So verließ Nietzsche, man kann sagen, 1876 diese Anschauung und
141 wendete sich zu der mehr positivistischen Anschauung, der mehr wissenschaftlichen Anschauung. Während seines Drinnenlebens in Schopenhauers und Wagners Weltanschauung war sein Bestreben, sich aus dem Wissenschaftlichen herauszuarbeiten und der Wirklichkeit durch eine künstlerische Seelenstimmung nahe zu kommen, näher zu kommen, als man dieser Wirklichkeit durch Wissenschaft kommen kann. Nachdem er das Ungenügende darinnen empfunden hat, wandte er sich der positivistischen Richtung zu, suchte durch eine Übersteigerung des wissenschaftlichen Strebens dahin zu kommen, die Wirklichkeit zu durchdringen, und wagte sich zuletzt zu dem, was man findet als seine Idee von der «Wiederkunft des Gleichen» und als seine Idee vom «Übermenschen». Die letztere hat er ja namentlich in schöner Weise lyrisch in seinem «Zarathustra» zum Ausdrucke zu bringen versucht. Er brach dann zusammen in dem Augenblicke, als er das, was sich ihm als Übermenschenidee, als Herauswachsen eines höheren Menschen aus dem gewöhnlichen Menschen ergeben hatte, anwenden wollte auf die größeren Menschheitsentwickelungsprobleme der neueren Zeit.

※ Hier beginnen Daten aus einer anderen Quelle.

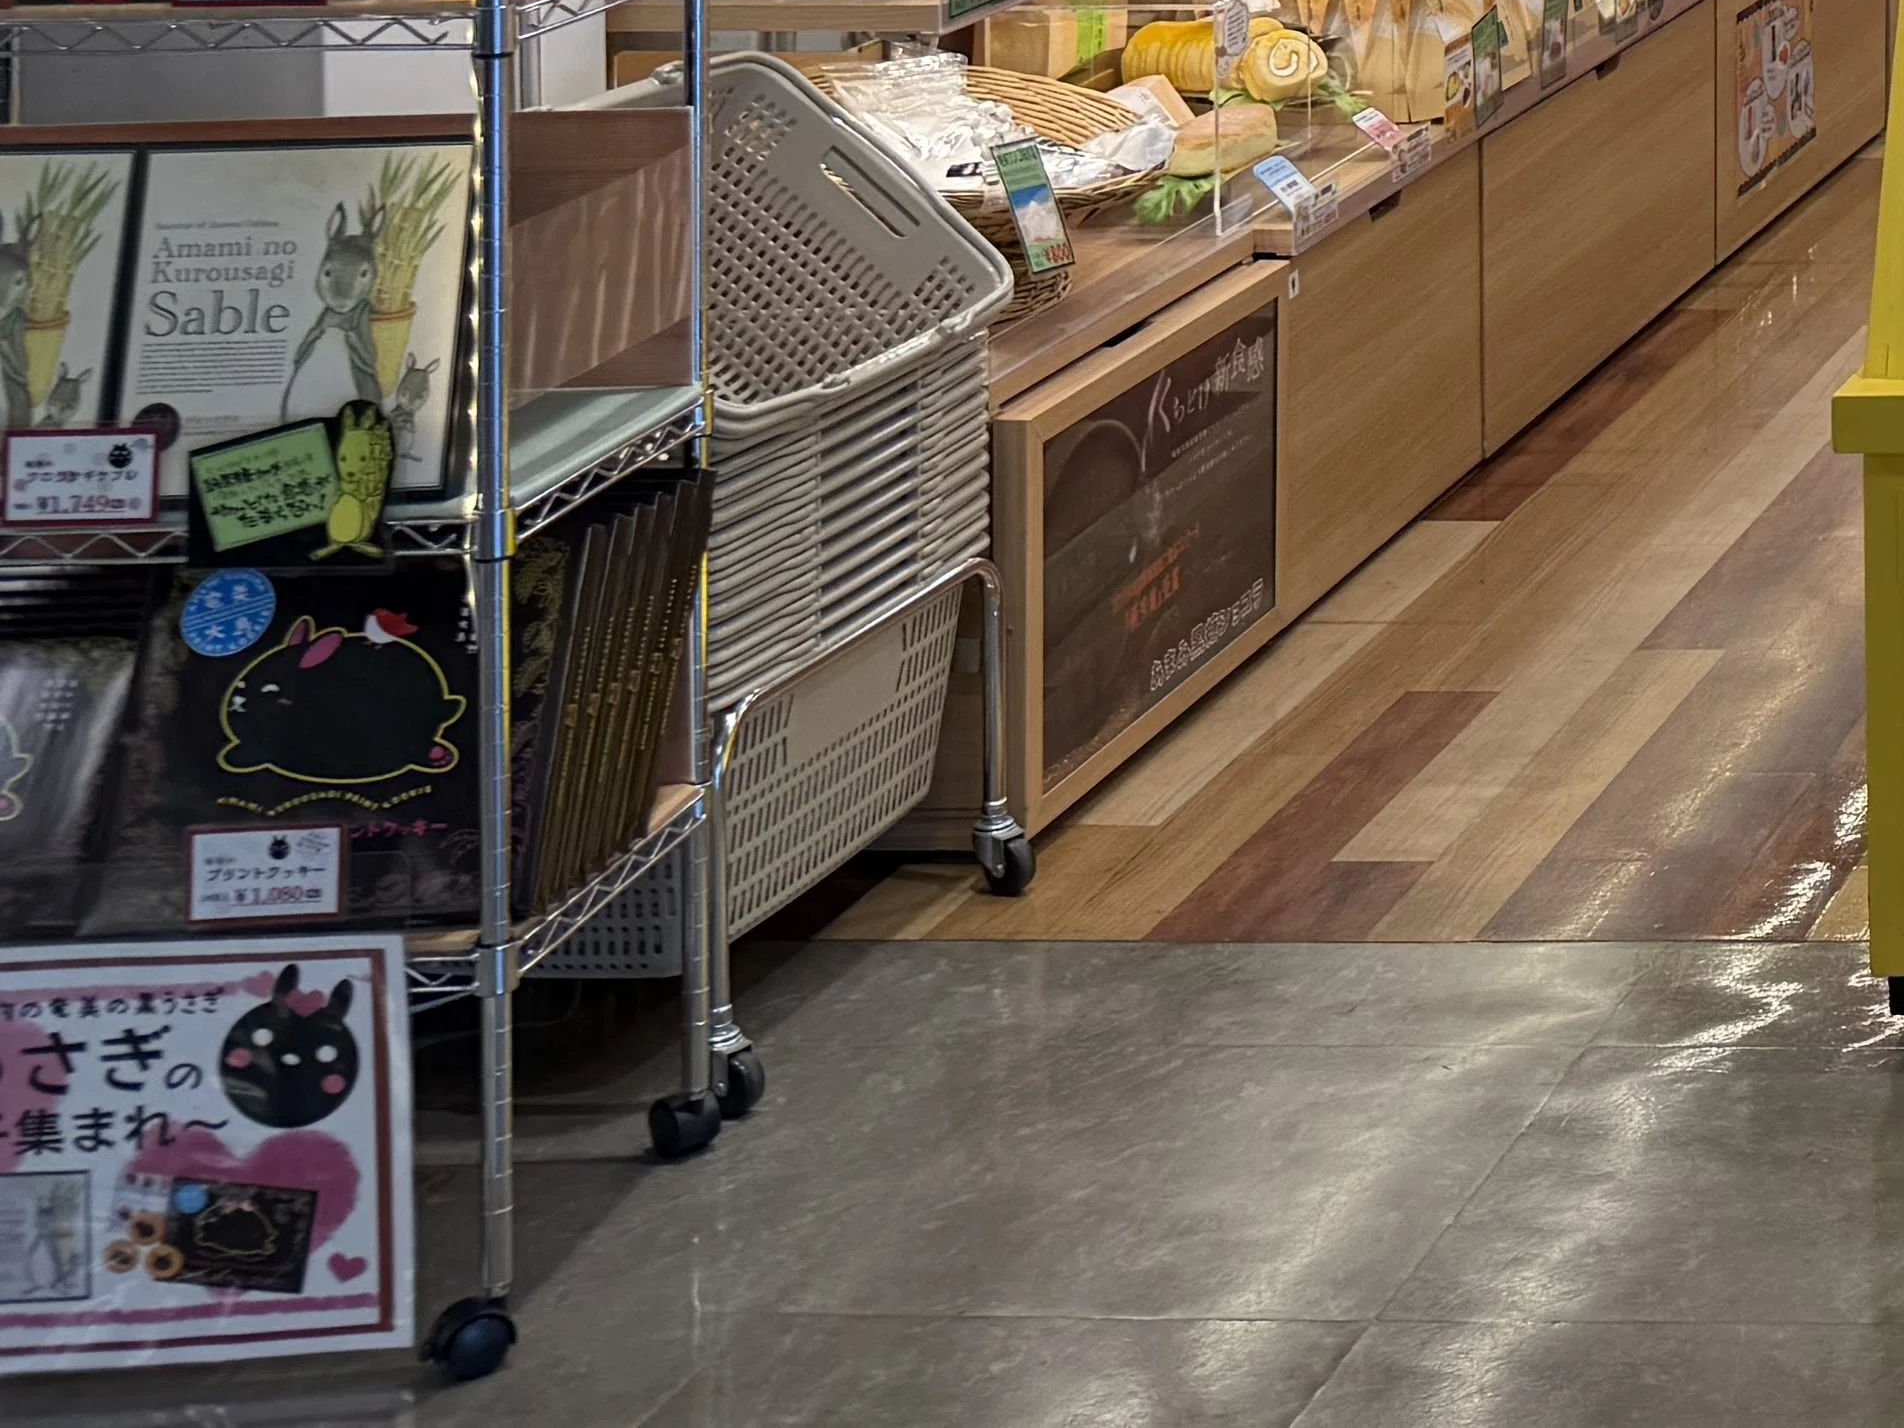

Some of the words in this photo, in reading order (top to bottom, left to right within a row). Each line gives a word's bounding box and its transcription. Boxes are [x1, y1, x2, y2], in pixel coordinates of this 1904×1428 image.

[153, 237, 253, 259] Amami
[265, 242, 297, 256] no
[151, 260, 295, 286] Kurousagi
[144, 290, 291, 338] Sable

Nun ist es sehr bedeutsam, gerade bei Nietzsche zu sehen, wie er sich hineinleben konnte in all das, was da war. Denn im Grunde genommen ist sein Übermenschenproblem auch nichts anderes als die Ausdehnung des darwinistischen Prinzips auf die ganze Entwickelung des Menschlichen: Wie der Mensch selber etwas darstellt, was sich herausentwickelt aus der Tierheit, so soll der Übermensch etwas sein, was sich herausentwickelt aus dem Menschen.
Nun liegt das Tragische bei Nietzsche daran, daß er sich überall im Gegensatze fühlte gegen gewisses Charakteristisches seiner Zeit, also des letzten Drittels des 19. Jahrhunderts. Und interessant ist zum Beispiel ja, daß Nietzsche vordrang bis zu seiner manchem so grotesk erscheinenden Idee von der Wiederkunft des Gleichen, also von einer Weltordnung, in der sich das, was geschieht, in rhythmischen Bewegungen immer in gleicher Weise wiederholen müsse. Diese Wiederkunftsidee war auch psychologisch vielen außerordentlich paradox erschienen. Als ich einmal Gelegenheit hatte, im Nietzsche-Archiv die Dinge mit verschiedenen Gelehrten zu besprechen, da wurde auch über diese Wiederkunft des Gleichen im Zusammenhange mit der Nietzscheschen
142 Übermenschenidee gesprochen, und ich sagte dazumal: So wie die Wiederkunftsidee bei Nietzsche zutage trat, so erscheint sie mir wie die Gegenpolidee zu einer Idee, die ein sehr pedantischer, steifer Positivist des 19. Jahrhunderts, Eugen Dühring, gehabt hat. Dühring kommt nämlich merkwürdigerweise - ich glaube, es ist in seinem «Kursus der Philosophie» - an einer Stelle darauf zu sprechen. Ich sagte: Die Nietzschesche Idee der Wiederkunft des Gleichen ist die Gegenidee, und es kann eigentlich auch gar nicht anders sein, als daß Nietzsche sich diese Idee so gebildet hat, daß er sie bei Dühring gefunden und sich gesagt hat: Was so ein Kerl des 19. Jahrhunderts denkt, davon muß das Gegenteil richtig sein! - Und, sehen Sie, wir hatten ja nahe die Bibliothek Nietzsches; ich nahm den «Kursus der Philosophie» heraus, schlug die Seiten auf, die entsprechende Stelle bei Dühring - dick angestrichen «Esel» steht daneben! Das ist ja das, was in sehr vielen Büchern bei Nietzsche am Rande steht. Da ist ihm der Gedanke aufgesprossen, die Gegenidee gegen etwas zu geben, was er bei einem Geist im letzten Drittel des 19. Jahrhunderts gefunden hat.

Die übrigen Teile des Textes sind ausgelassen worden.